» Aim of the task: Extract exactly and only the lines of the data below, starting at the line with "this 1280×1280 image." and stopping after the final line.
-- Exercise input follows --
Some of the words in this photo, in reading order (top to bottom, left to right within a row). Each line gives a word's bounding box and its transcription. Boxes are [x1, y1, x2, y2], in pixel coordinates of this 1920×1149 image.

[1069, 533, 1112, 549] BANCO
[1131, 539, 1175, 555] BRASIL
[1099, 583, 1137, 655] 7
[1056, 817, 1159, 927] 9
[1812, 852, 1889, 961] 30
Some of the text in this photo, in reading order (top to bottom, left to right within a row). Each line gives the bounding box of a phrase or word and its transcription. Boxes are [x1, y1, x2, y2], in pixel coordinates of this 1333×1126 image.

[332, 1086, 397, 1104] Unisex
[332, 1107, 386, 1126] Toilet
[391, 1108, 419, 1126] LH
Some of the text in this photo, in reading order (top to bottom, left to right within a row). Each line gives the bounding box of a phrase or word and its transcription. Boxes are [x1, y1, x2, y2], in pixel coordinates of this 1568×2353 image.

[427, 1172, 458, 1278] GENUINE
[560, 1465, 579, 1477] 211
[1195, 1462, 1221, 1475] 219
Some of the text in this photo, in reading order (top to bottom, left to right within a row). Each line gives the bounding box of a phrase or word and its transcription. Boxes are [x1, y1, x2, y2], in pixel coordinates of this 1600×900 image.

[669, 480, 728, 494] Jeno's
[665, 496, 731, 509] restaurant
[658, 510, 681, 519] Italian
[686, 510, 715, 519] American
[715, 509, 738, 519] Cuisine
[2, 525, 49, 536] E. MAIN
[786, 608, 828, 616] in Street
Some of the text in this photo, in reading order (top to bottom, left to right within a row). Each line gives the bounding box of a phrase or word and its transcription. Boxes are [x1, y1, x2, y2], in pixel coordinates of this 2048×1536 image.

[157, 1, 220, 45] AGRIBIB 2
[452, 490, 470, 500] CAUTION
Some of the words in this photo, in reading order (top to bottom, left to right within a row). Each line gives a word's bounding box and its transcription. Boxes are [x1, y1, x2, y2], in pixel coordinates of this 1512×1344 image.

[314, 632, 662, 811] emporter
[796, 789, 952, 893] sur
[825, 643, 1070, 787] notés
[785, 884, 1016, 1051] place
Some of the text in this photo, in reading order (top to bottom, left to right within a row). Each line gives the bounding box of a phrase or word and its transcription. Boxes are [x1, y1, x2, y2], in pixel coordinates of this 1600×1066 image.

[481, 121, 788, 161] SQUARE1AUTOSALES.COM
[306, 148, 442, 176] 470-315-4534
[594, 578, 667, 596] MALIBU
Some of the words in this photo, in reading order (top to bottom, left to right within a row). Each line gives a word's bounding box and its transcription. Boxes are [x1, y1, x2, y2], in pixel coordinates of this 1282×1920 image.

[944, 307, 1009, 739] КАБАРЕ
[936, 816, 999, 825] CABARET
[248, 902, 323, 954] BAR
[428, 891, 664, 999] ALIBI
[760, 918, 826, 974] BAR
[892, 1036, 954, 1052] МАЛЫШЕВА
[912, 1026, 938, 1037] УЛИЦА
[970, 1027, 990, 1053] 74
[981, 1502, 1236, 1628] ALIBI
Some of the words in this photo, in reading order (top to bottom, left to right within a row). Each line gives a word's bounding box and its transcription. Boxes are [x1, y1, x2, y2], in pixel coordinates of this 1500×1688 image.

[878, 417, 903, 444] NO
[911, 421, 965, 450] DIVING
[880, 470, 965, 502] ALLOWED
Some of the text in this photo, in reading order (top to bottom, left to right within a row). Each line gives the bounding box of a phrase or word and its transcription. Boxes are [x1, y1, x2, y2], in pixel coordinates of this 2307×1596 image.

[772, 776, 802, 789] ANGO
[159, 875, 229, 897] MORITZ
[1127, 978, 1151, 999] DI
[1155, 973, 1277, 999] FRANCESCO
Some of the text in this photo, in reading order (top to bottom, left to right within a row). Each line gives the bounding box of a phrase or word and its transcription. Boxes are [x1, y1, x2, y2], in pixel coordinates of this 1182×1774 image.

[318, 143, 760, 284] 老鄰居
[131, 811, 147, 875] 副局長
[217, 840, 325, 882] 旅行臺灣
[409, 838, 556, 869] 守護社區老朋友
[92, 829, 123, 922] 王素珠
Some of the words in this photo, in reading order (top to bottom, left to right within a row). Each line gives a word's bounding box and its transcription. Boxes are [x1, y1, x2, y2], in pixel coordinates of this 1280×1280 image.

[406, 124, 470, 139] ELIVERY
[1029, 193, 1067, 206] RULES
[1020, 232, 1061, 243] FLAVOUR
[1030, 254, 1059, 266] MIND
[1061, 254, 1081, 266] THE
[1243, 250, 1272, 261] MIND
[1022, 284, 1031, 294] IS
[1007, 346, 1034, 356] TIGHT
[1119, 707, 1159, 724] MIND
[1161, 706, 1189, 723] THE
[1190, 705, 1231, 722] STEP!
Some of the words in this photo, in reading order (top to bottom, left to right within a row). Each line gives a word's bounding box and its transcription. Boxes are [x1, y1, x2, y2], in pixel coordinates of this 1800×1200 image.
-- Exercise input concluded --
» Output below:
Some of the words in this photo, in reading order (top to bottom, left to right within a row). Each line gives a word's bounding box and its transcription. Boxes are [x1, y1, x2, y2], in pixel coordinates of this 1280×1280 image.

[406, 124, 470, 139] ELIVERY
[1029, 193, 1067, 206] RULES
[1020, 232, 1061, 243] FLAVOUR
[1030, 254, 1059, 266] MIND
[1061, 254, 1081, 266] THE
[1243, 250, 1272, 261] MIND
[1022, 284, 1031, 294] IS
[1007, 346, 1034, 356] TIGHT
[1119, 707, 1159, 724] MIND
[1161, 706, 1189, 723] THE
[1190, 705, 1231, 722] STEP!
Some of the words in this photo, in reading order (top to bottom, left to right within a row). Each line gives a word's bounding box and its transcription. Boxes are [x1, y1, x2, y2], in pixel coordinates of this 1800×1200 image.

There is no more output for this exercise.